## Exercise requirements:
Leave the pictures out and reproduce all the entries word for word.
────
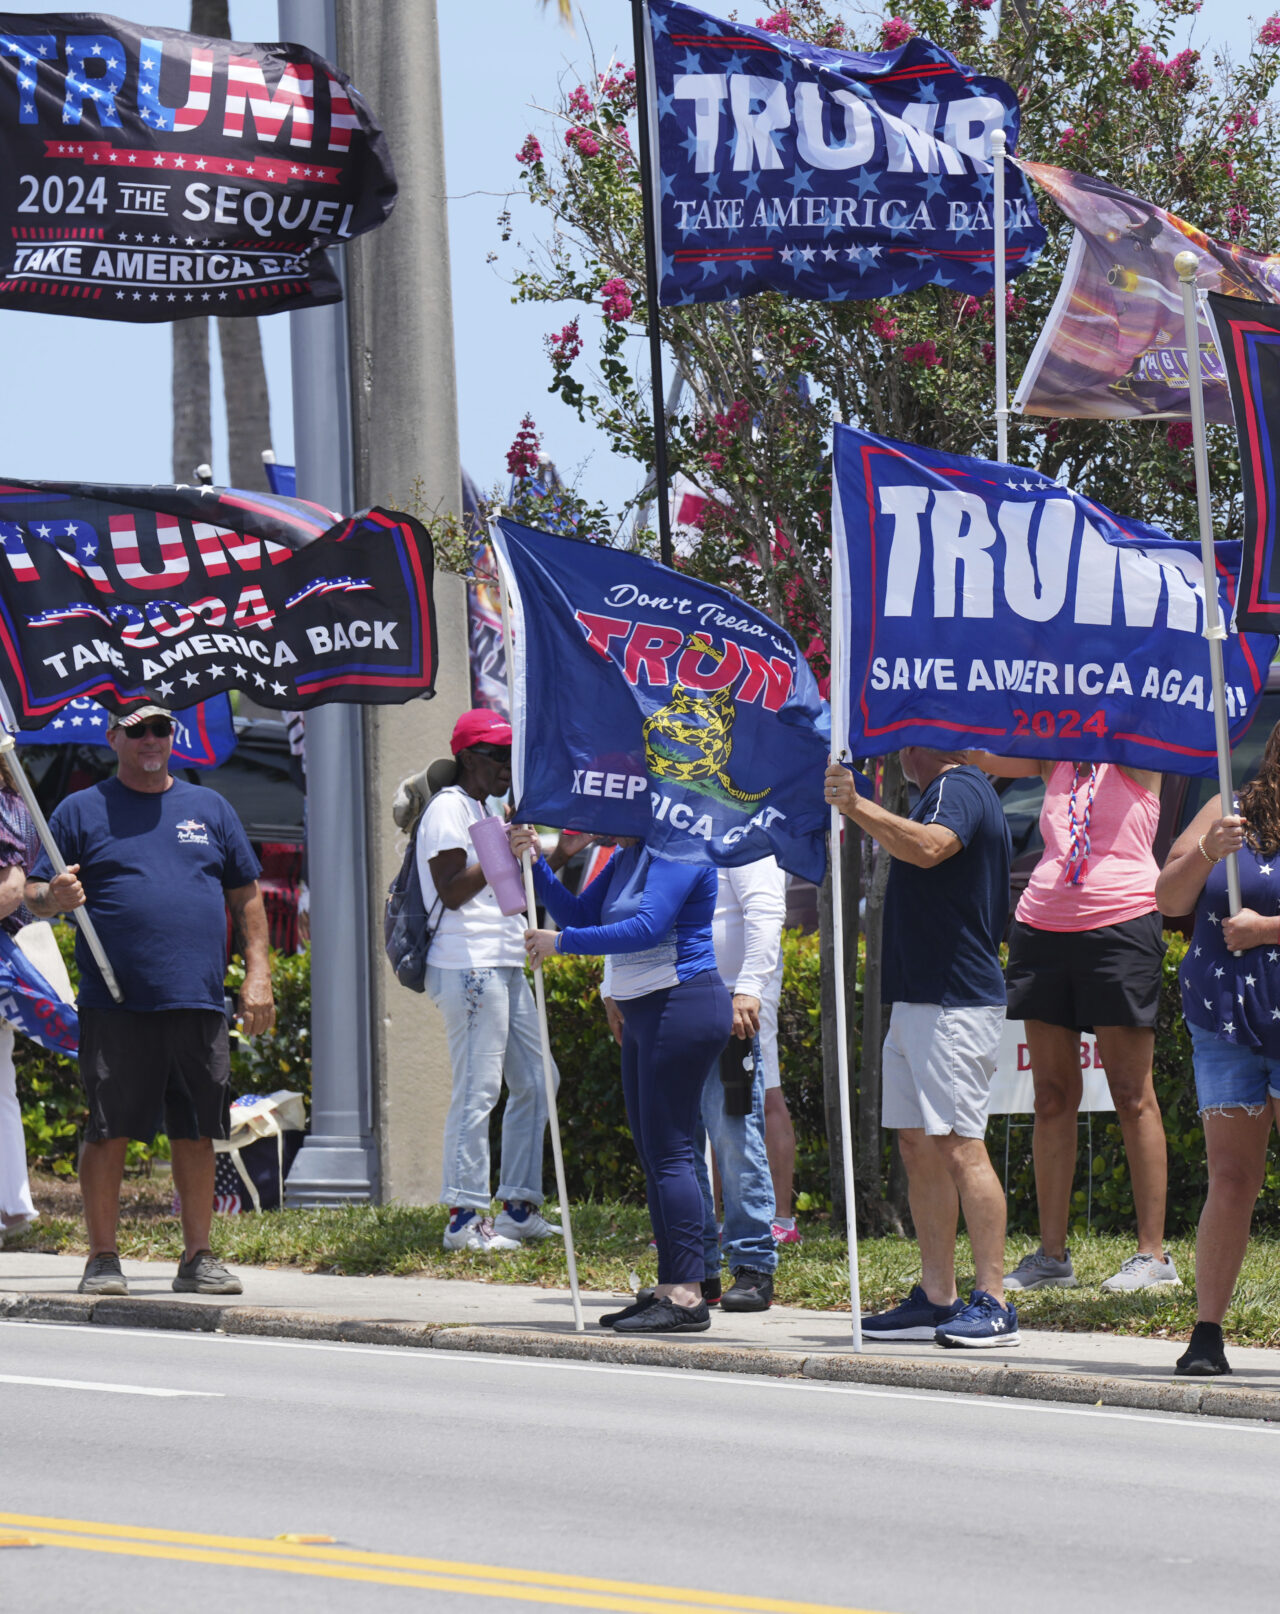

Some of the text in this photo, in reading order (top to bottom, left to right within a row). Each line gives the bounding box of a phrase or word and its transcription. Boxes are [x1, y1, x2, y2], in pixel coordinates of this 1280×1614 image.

[673, 73, 1005, 176] TRUMP
[17, 175, 357, 239] 2024 THE SEQUEL
[673, 198, 745, 231] TAKE
[750, 196, 936, 231] AMERICA
[12, 248, 82, 276] TAKE
[91, 252, 255, 282] AMERICA
[0, 512, 294, 594] TRUM
[603, 583, 692, 615] Don't
[43, 620, 400, 681] TAKE AMERICA BACK
[870, 656, 958, 692] SAVE
[966, 659, 1134, 697] AMERICA
[1012, 708, 1110, 739] 2024
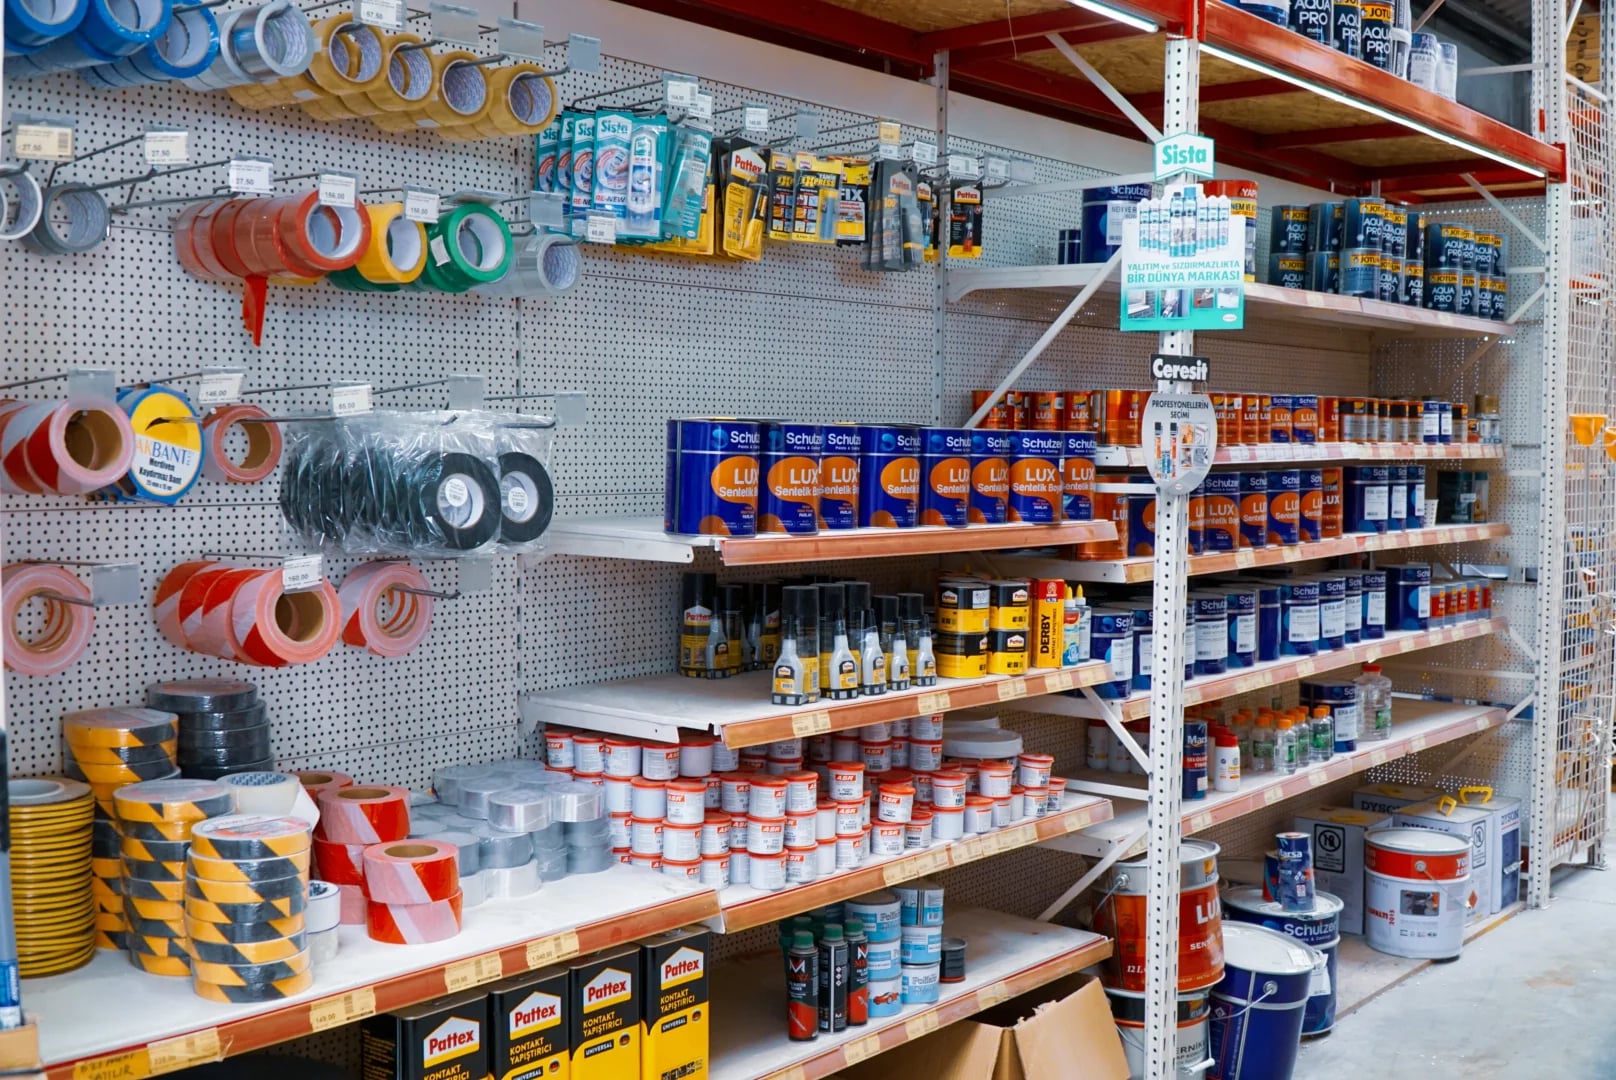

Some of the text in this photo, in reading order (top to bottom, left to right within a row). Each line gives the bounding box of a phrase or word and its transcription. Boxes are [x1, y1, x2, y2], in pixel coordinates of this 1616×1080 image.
────
## Reply:
Some of the text in this photo, in reading order (top to bottom, left to right within a row). Each line gives the bounding box of a phrase or word and its transcription. Boxes are [x1, y1, x2, y2], in pixel coordinates of this 1280×1614 image.

[673, 73, 1005, 176] TRUMP
[17, 175, 357, 239] 2024 THE SEQUEL
[673, 198, 745, 231] TAKE
[750, 196, 936, 231] AMERICA
[12, 248, 82, 276] TAKE
[91, 252, 255, 282] AMERICA
[0, 512, 294, 594] TRUM
[603, 583, 692, 615] Don't
[43, 620, 400, 681] TAKE AMERICA BACK
[870, 656, 958, 692] SAVE
[966, 659, 1134, 697] AMERICA
[1012, 708, 1110, 739] 2024

Some of the text in this photo, in reading order (top to bottom, left to right within a row). Each line gives the bounding box of a phrase or word and its transcription. Boxes are [x1, y1, x2, y2], in pixel coordinates of this 1616×1080 image.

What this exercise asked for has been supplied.